Sent from my SM-G920F using Tapatalk


----------



## GTRNICK (Apr 29, 2005)

There's so many nice ones at Hja why risk?


----------



## Alex C (Aug 10, 2005)

I cant believe people travel from other countries to buy from this place!


----------



## Mookistar (Feb 5, 2004)

Importcars.at said:


> But actually nobody had a look at the car!?
> They told its fresh import and awaiting registration!
> 
> Hope the car will be good... But very nice specs on the car .....


Fresh import?. Excellent, they'll have no issue sending you the Auction report then.

How much deposit did you put down?


----------



## markM3 (Jan 7, 2008)

Seen a few grade 4 jap auction cars full of rust when they get over.....


----------



## Importcars.at (Sep 21, 2011)

I send them 1000 GBP deposit !
Hard to find nice one for good money!!!!
If there are some scratches or dents its not that problem but when its big rusty aso... 
We have our own paint shop and also garage here so can be fixed.
I asked them about the sheet but they told me that the car was not on auction they bought direct from garage in Japan!

Hope the best!!! 
Otherwise i buy a toy car from uk to go home! 

3 Month ago i bought a nice 2001 GTR in white with only 27.000km with Nismo Uprgrades.
The guy who sold bought it 1 year ago from Japan and was not driving much so he sold it again.
Got also the sheet from JP for this car and i trusted but then....
- No GT2860
- NO Nismo Clutch
- NO NISMO Intercooler
.....

Also the Japan Garage are selling shit.... 
At the moment it is hard to buy cars from overseas ..
Even in Japan they are cheating you ....because anyway it goes overseas.
We import already since 2002 so over 14 years but the market get very crazy since the last 6-12 month


----------



## danielduchon (Sep 5, 2016)

What's Nismo fine spec, never heard of that before?


----------



## bigkeeko (Nov 27, 2012)

Importcars.at said:


> Hard to find nice one for good money!!!!

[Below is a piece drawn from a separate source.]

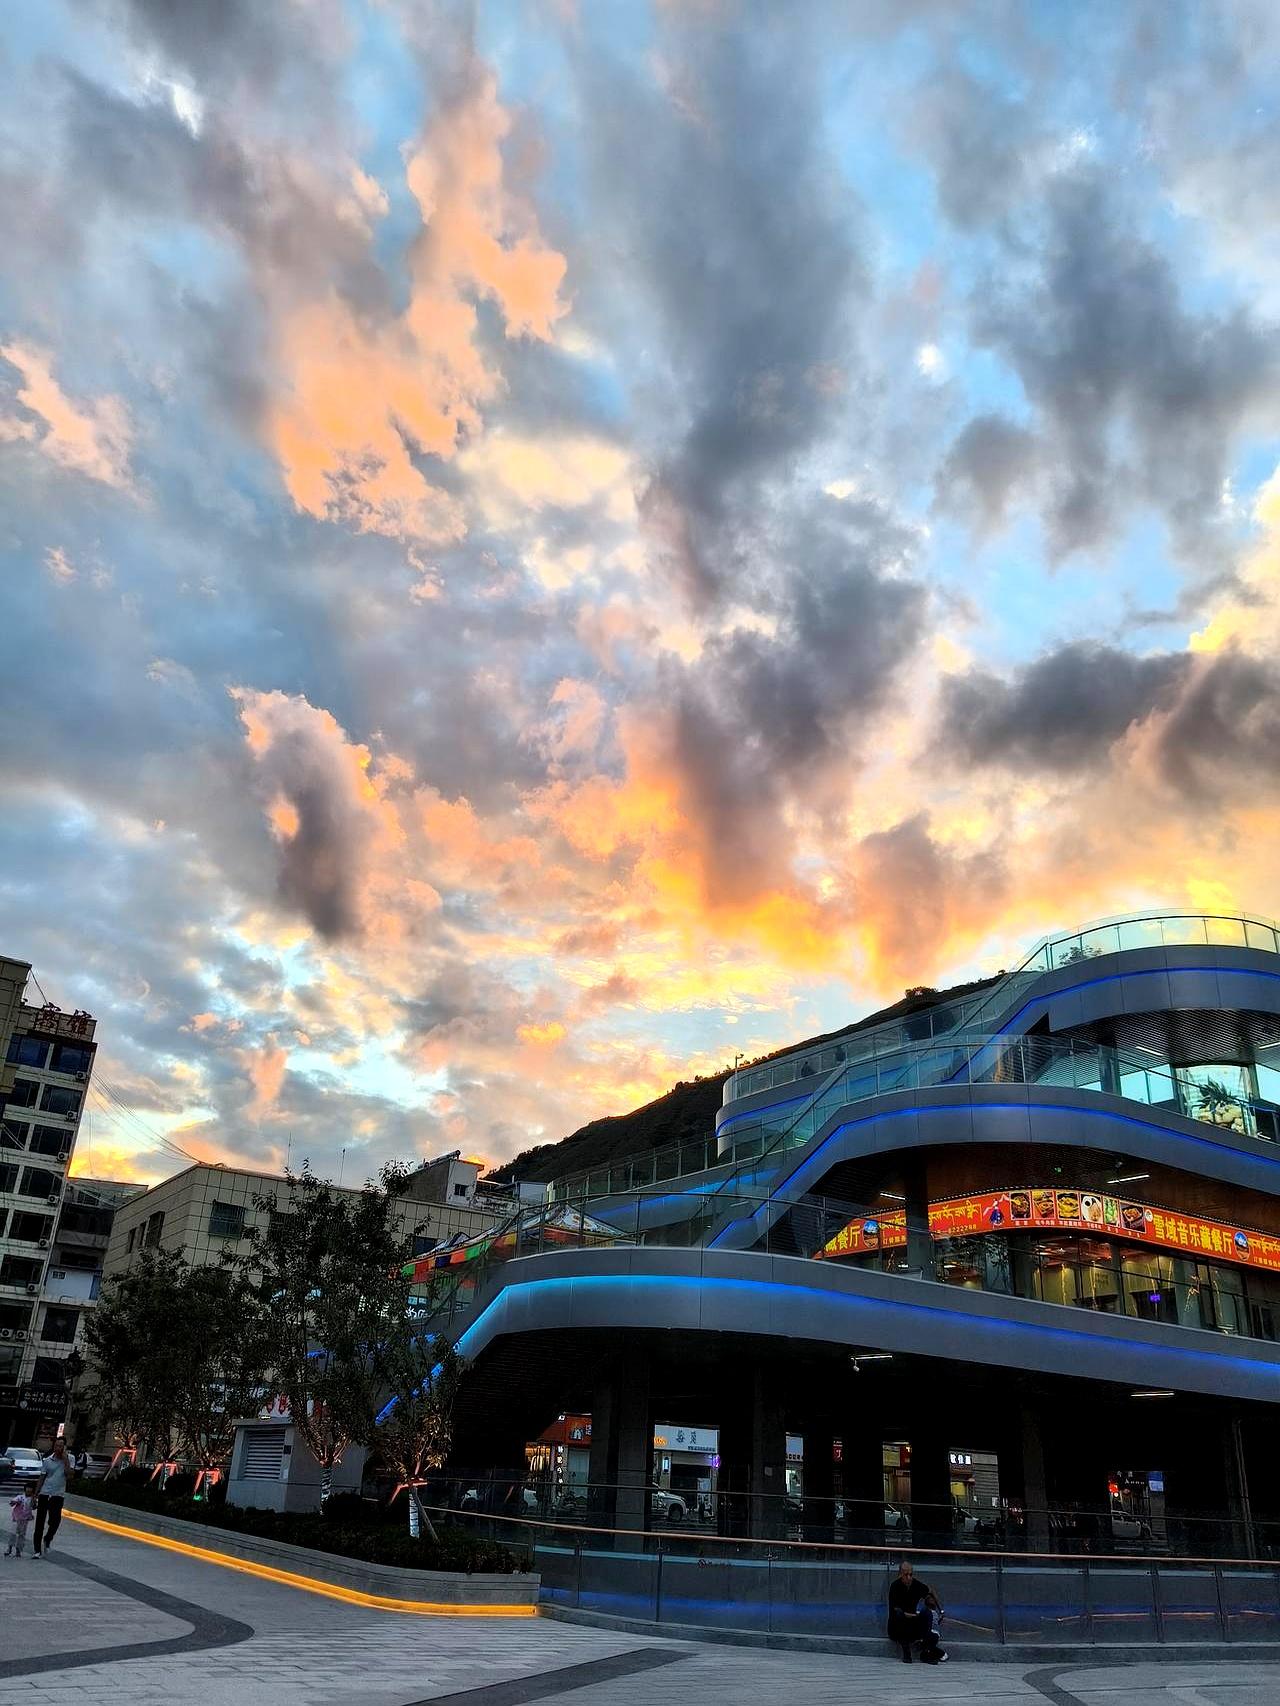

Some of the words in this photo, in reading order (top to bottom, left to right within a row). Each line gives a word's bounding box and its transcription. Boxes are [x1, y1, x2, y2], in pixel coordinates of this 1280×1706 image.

[1153, 1214, 1233, 1255] 雪域音乐藏餐厅

What that reads is to me is 'hard to find a cheap one for less money'. In my experience of buying cars if you can spot flaws in a picture then in the metal it's going to be a lot worse. Usually much worse. The panel gaps are all over the shop on that car pal.

Have a check on here before you make the journey. 


https://carvx.jp/

Might save you a trip matey.


----------



## Rob H (Nov 28, 2015)

Avoid motorhub! Proper cowboys. Known scampers and bodgers. They don't even let you test drive the cars ffs. I'd sooner be a bus stop ****** than buy from them.


----------



## Mookistar (Feb 5, 2004)

Importcars.at said:


> I send them 1000 GBP deposit !
> Hard to find nice one for good money!!!!
> If there are some scratches or dents its not that problem but when its big rusty aso...
> We have our own paint shop and also garage here so can be fixed.
> ...


I hate to say it but I think the whole forum will expect you to get burned on this. Motorhub/Keighley etc might occasionally stumble across a minter, but their model is based on selling low quality examples to people who are too excited to know any better.


----------



## David (Apr 25, 2003)

I recently bought an engine from a guy who bought a r34 GTR from Motorhub, he seemed happy... but..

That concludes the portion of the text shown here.